'''

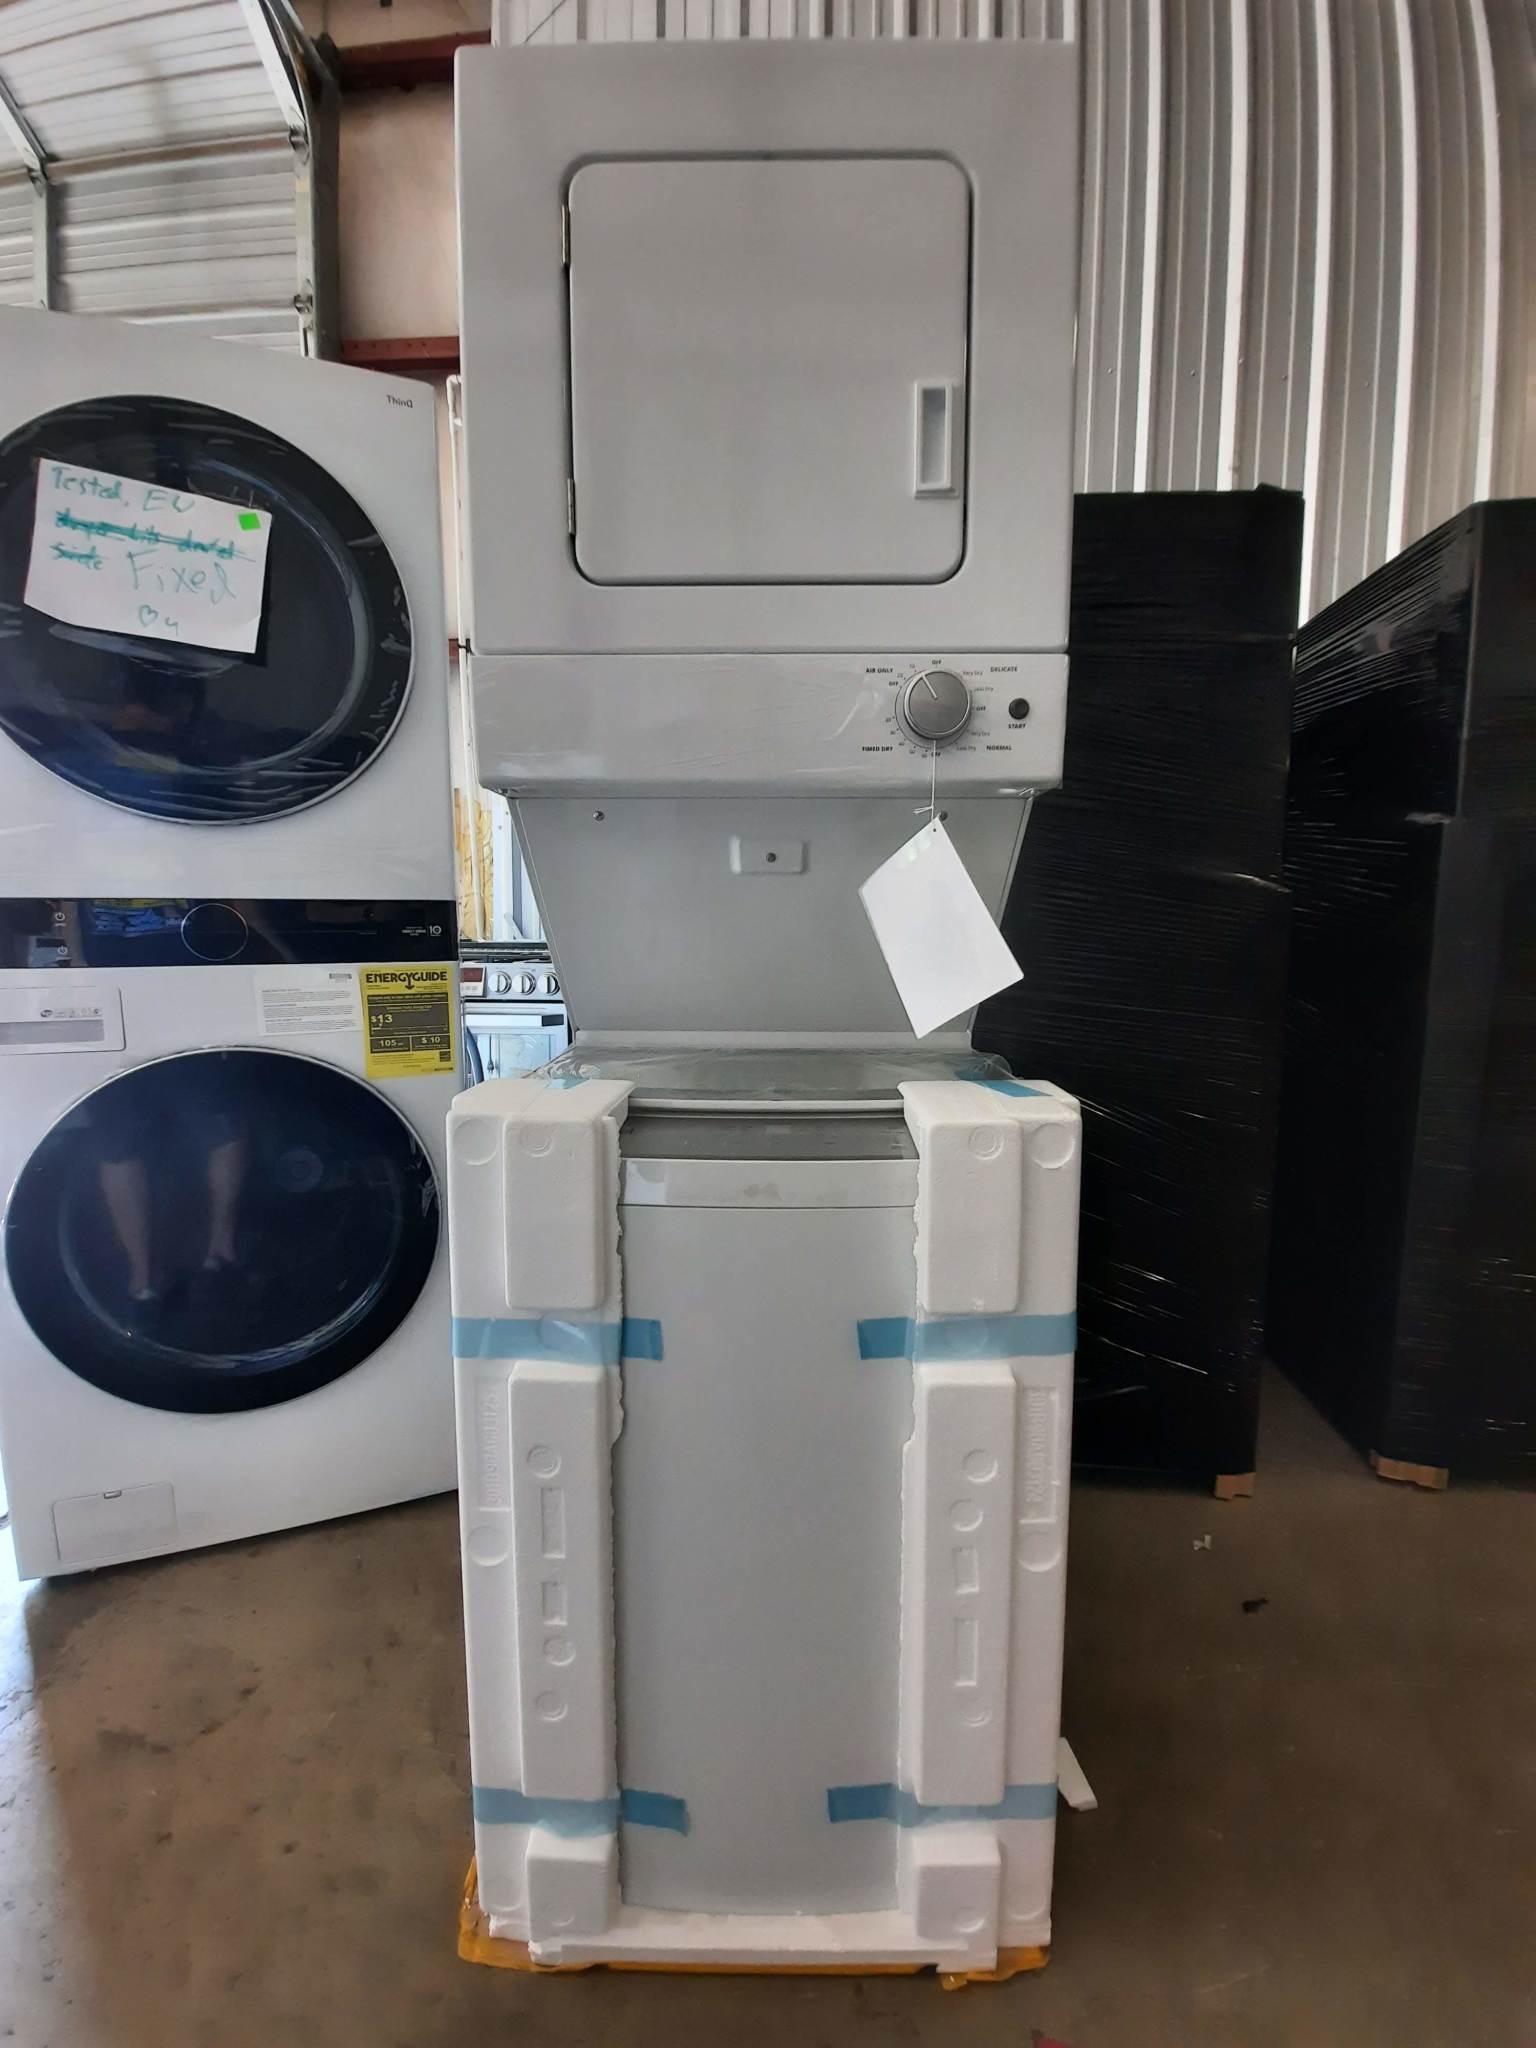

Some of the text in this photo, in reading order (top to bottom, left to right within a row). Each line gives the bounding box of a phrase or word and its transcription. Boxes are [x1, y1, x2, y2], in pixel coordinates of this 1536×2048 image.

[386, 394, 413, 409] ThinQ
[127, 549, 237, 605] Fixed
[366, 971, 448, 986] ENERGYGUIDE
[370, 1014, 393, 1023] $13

'''

Please return the full listing word for word, but without any pictures.

-- Task output --
Some of the text in this photo, in reading order (top to bottom, left to right within a row). Each line gives the bounding box of a phrase or word and its transcription. Boxes are [x1, y1, x2, y2], in pixel coordinates of this 1536×2048 image.

[386, 394, 413, 409] ThinQ
[127, 549, 237, 605] Fixed
[366, 971, 448, 986] ENERGYGUIDE
[370, 1014, 393, 1023] $13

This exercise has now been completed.